> [Problem to solve]
Print all of the records. Exclude the images.

> [Material supplied]
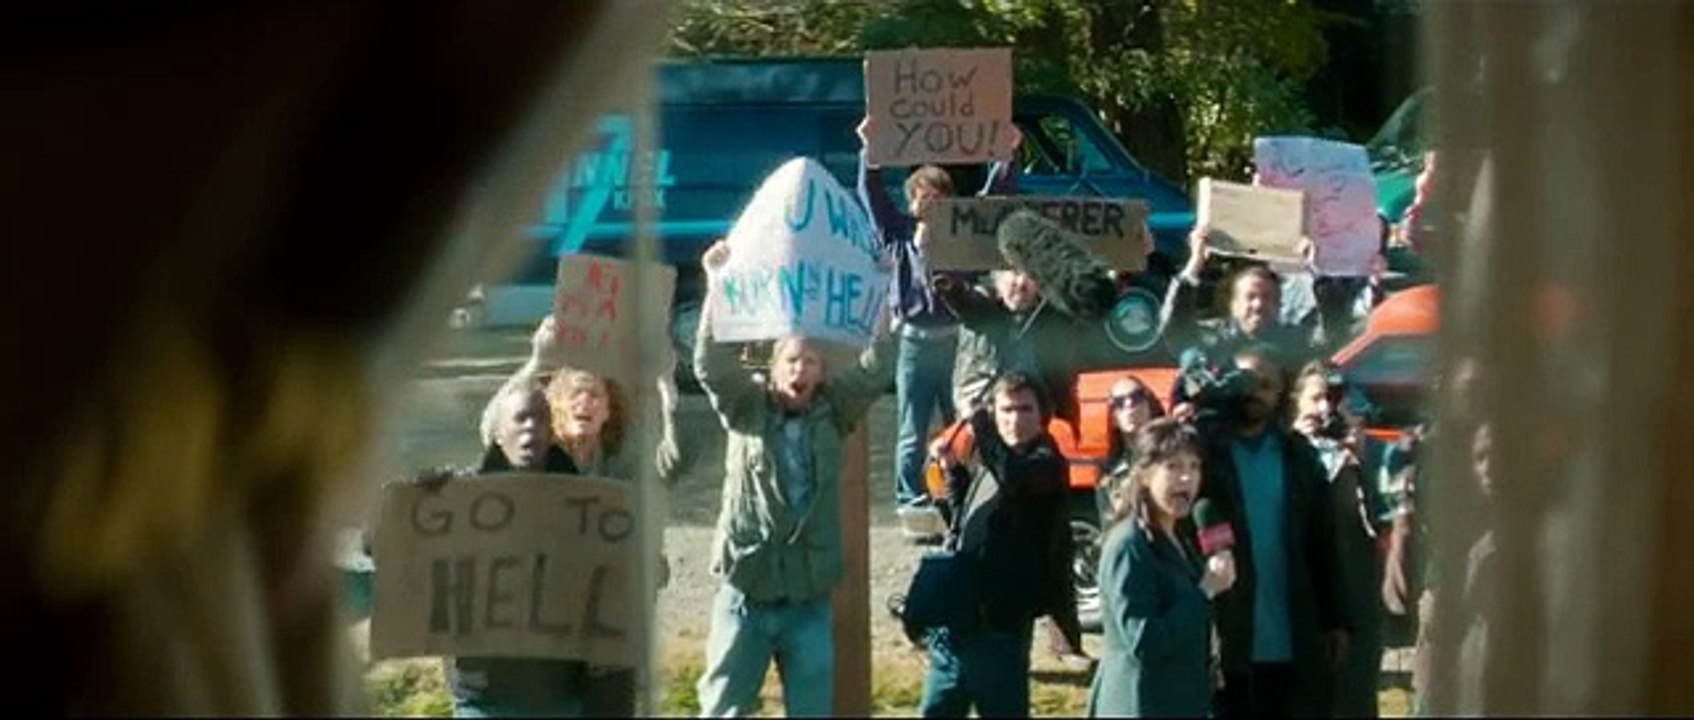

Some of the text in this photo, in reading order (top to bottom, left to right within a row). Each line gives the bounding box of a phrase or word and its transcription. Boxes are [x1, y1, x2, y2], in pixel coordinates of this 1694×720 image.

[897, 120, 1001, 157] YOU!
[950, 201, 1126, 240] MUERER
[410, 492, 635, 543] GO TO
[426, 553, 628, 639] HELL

> [Solution to the exercise]
Some of the text in this photo, in reading order (top to bottom, left to right within a row). Each line gives the bounding box of a phrase or word and its transcription. Boxes are [x1, y1, x2, y2], in pixel coordinates of this 1694×720 image.

[897, 120, 1001, 157] YOU!
[950, 201, 1126, 240] MUERER
[410, 492, 635, 543] GO TO
[426, 553, 628, 639] HELL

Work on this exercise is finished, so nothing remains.